Além disso, há outro problema: embora se diga não ser obrigatório, o tal acordo se transformou numa tirania: os jornais, a televisão e os romances recentemente publicados estão adotando as novas regras! Já existem até legendas de filmes estrangeiros com a nova grafia do português.
Parece um complô. Ninguém tem coragem de peitar essa baboseira, ao menos até que ela se formalize e passe a ser exigida de fato?
Salvo engano, o professor Pasquale ficou de resistir. Li, em algum lugar – também salvo engano, fique claro – que não adotaria as novas normas. Fiquei um bom tempo sem ler sua coluna na Folha. Recentemente, apenas para tirar a prova dos nove, dei uma olhada em alguns de seus artigos. E não é que ele já virou a casaca? Teria cedido a injunções editoriais ou se seduzira mesmo pela novidade?

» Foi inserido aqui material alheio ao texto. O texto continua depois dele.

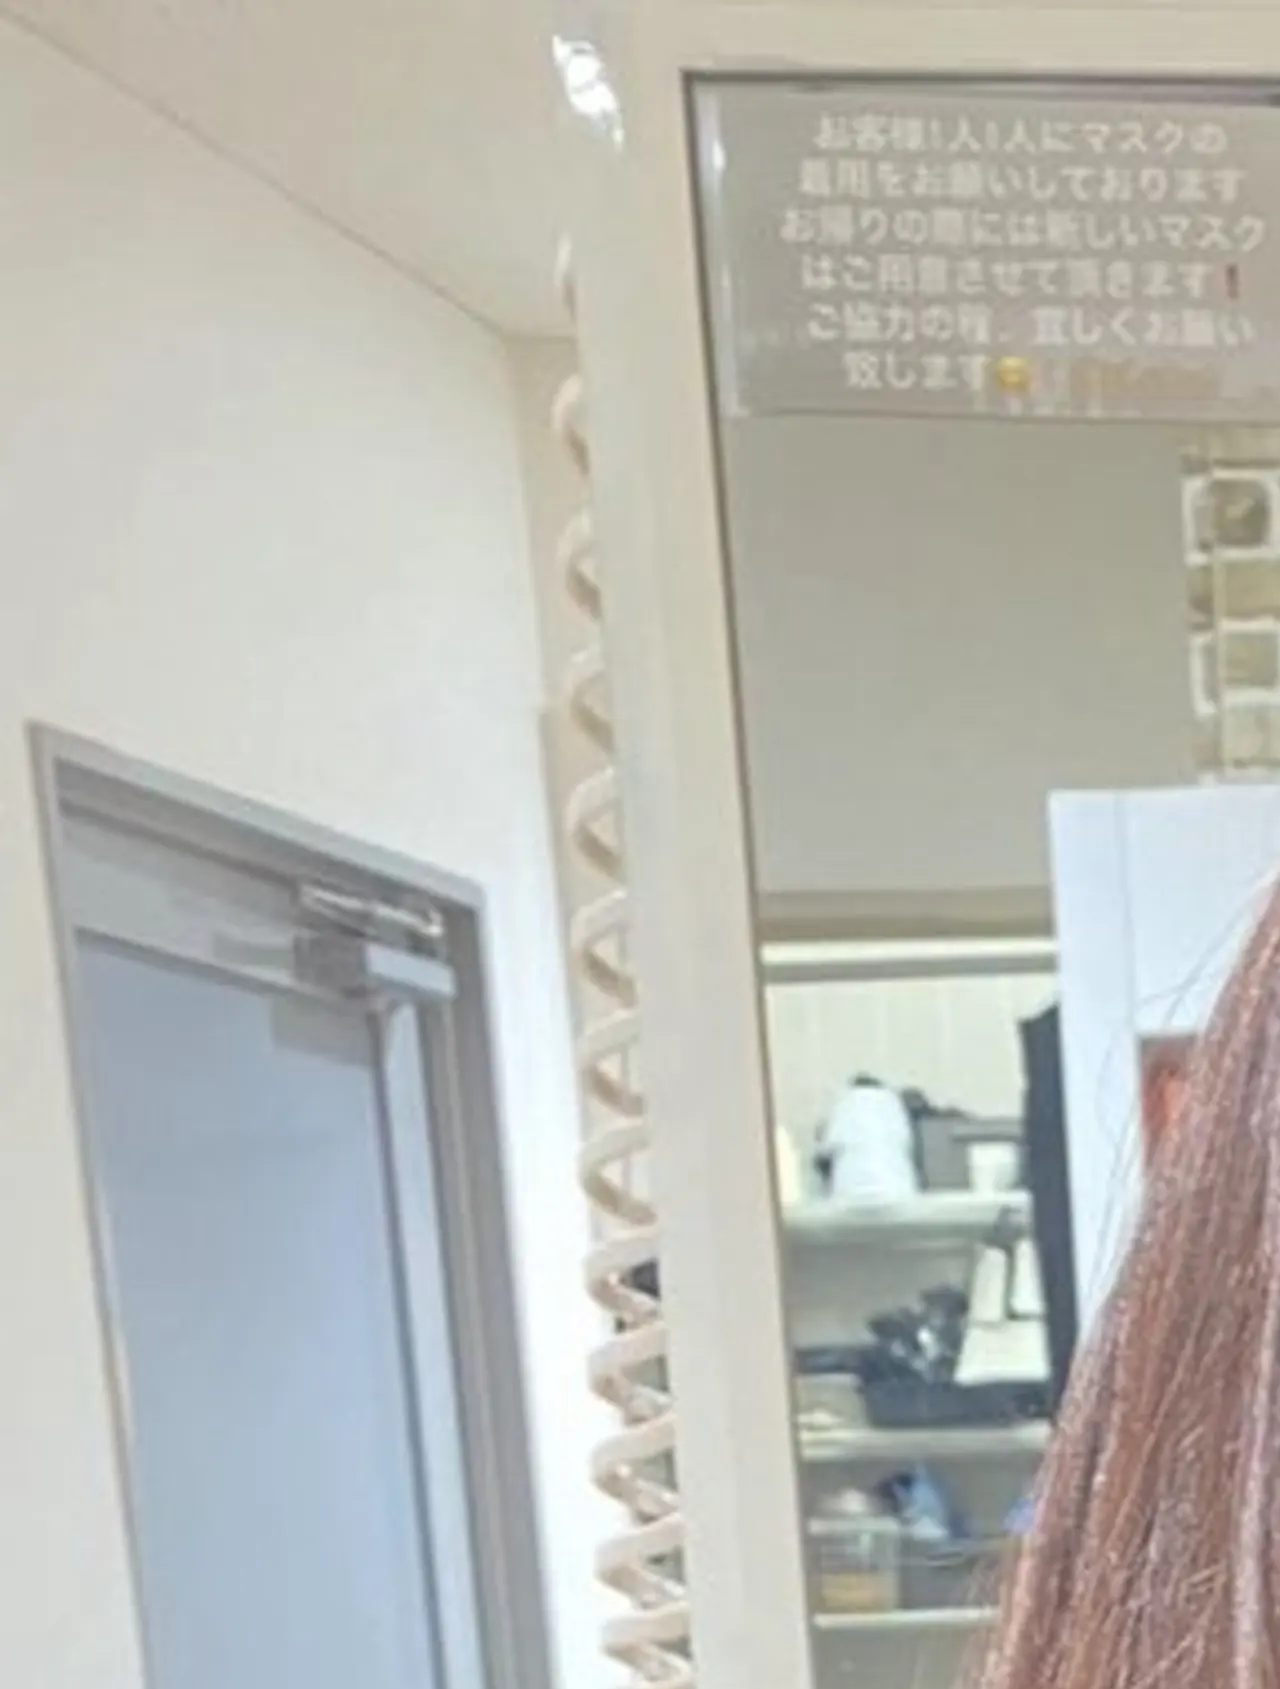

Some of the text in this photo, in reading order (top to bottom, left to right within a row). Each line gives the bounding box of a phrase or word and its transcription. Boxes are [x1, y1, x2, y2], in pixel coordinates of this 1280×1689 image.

[800, 158, 1247, 203] 用をおいしております
[780, 204, 1266, 251] おりのには新しいマスク
[807, 301, 1257, 347] ご協力の程、宜しくおい

E quanto aos jornalistas e cronistas que todo dia publicam algo? Devem escrever do modo antigo e precisam submeter seus textos a algum revisor contratado especialmente para tirar os acentos e os hífens, agora supérfluos. Penso no Ruy Castro adequando a grafia nova à sua pequena coluna na contracapa do jornal. Penso no Cony, que já se manifestou a respeito do acordo. Com sua simpática ranhetice, deve brigar constantemente com as palavras. Penso no Nelsinho Motta, no Clóvis Rossi....

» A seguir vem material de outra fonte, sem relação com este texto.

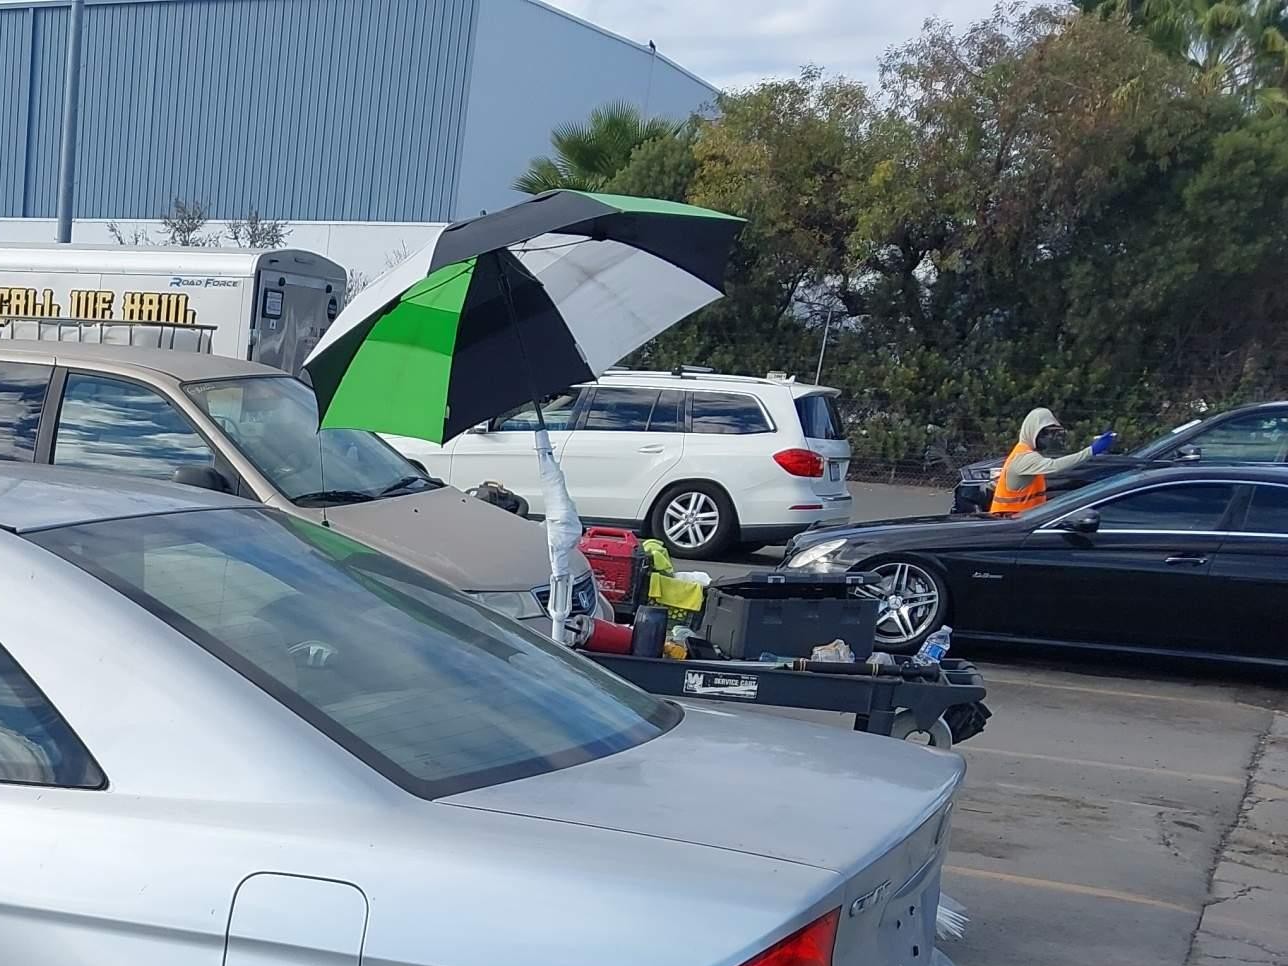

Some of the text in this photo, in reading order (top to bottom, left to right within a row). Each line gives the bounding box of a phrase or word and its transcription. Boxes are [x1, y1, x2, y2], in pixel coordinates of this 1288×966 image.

[122, 291, 197, 325] HAUL
[713, 677, 740, 686] SERVICE
[740, 679, 758, 688] CART
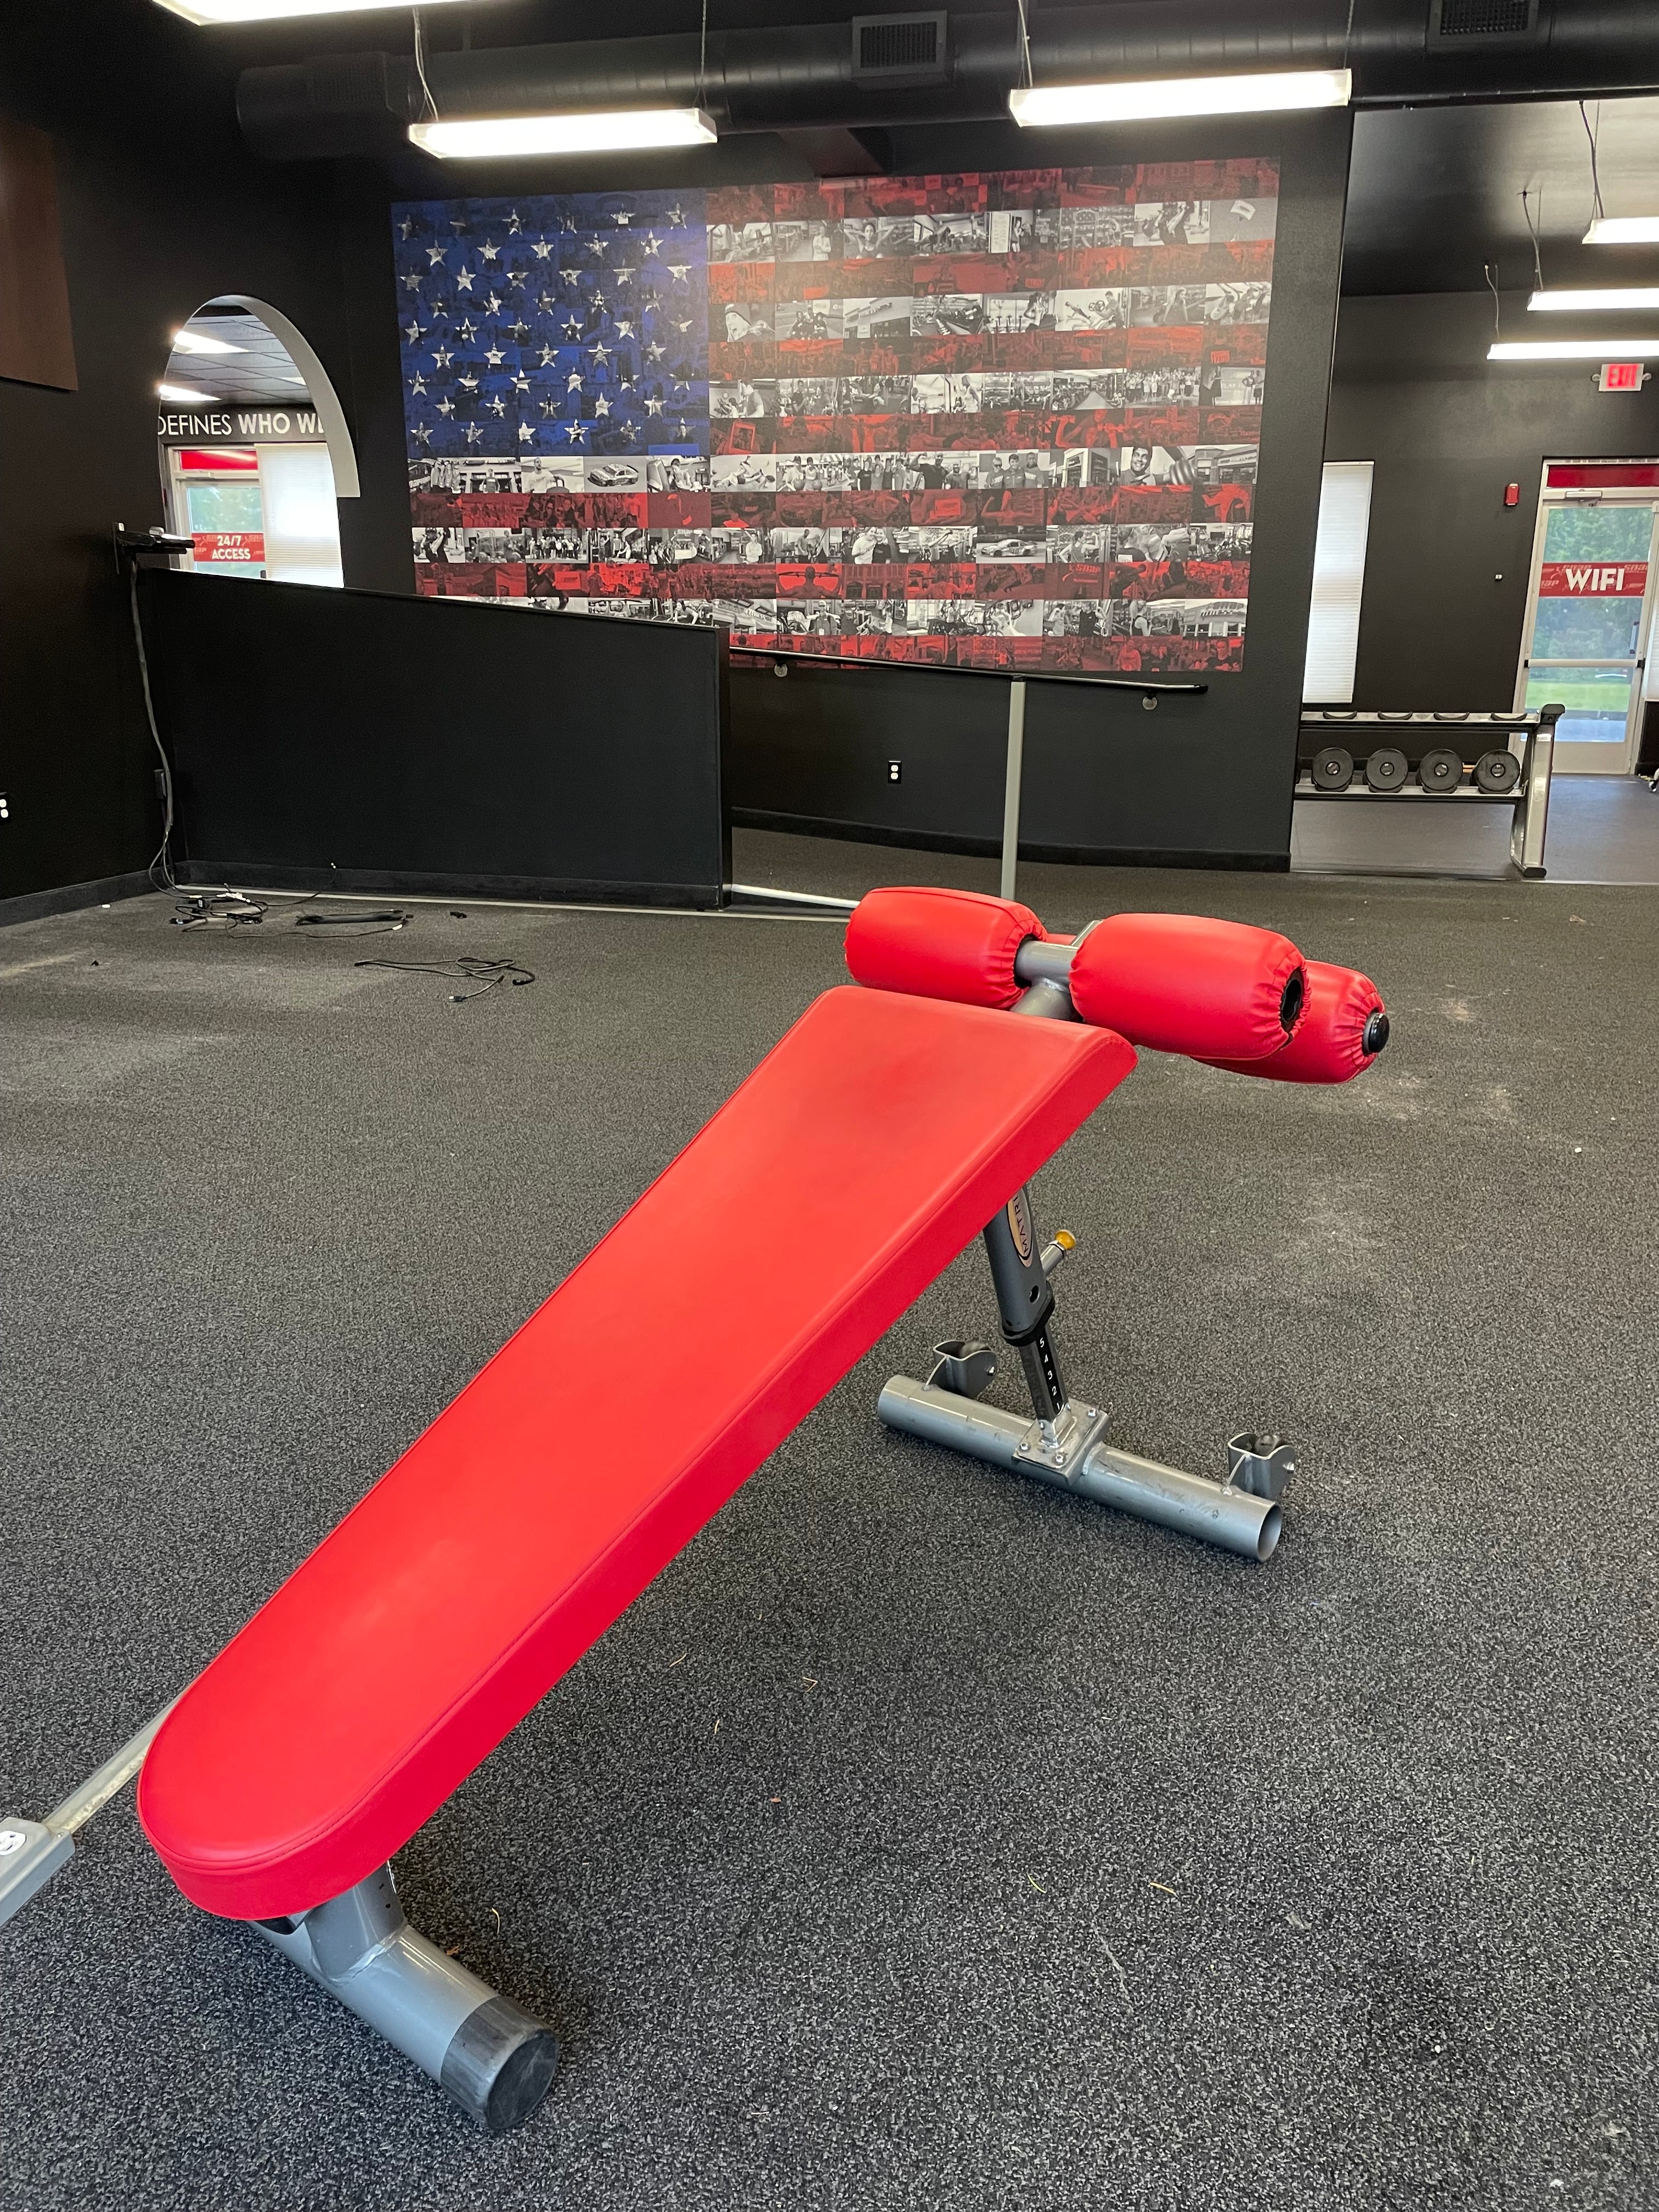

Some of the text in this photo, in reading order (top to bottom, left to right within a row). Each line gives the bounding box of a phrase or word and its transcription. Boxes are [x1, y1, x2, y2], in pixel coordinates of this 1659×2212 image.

[1606, 364, 1639, 388] EXIT
[238, 413, 290, 435] WHO
[217, 535, 242, 546] 24/7
[211, 549, 251, 560] ACCESS
[1565, 568, 1625, 591] WIFI
[1013, 1195, 1030, 1253] MATRI
[1040, 1337, 1045, 1348] 5
[1052, 1386, 1057, 1396] 2

Só não consigo imaginar o que passava pela cabeça do Luiz Inácio ao assinar o acordo ortográfico.
2 comentários:
O Lula não sei bem o que pensa, mas desconfio que há um orgulho meio besta nessa ideia (olhaí!) de unificar tudo. Aliás, os linguistas (com ou sem trema) verde-amarelos sabem muito bem que os portugueses levam tudo como provocação, afinal são "eles", mais que "nós", que terão que mudar as plaquetas aqui e ali, adequando-as à nova grafia. Mas, como disse o sempre genial Mia Couto, a questão é que um dia o Brasil "aconteceu", e o filho era maior que o pai... O diabo é que os filhos sempre acreditam nessa fantasia de serem maiores que os pais. E alguém nega que o acordo tem um gostinho brasileiro que todo mundo terá que engolir?
Não vamos seguir esse acordo ortográfico totalmente descabido. Vamos manter a ortografia antiga!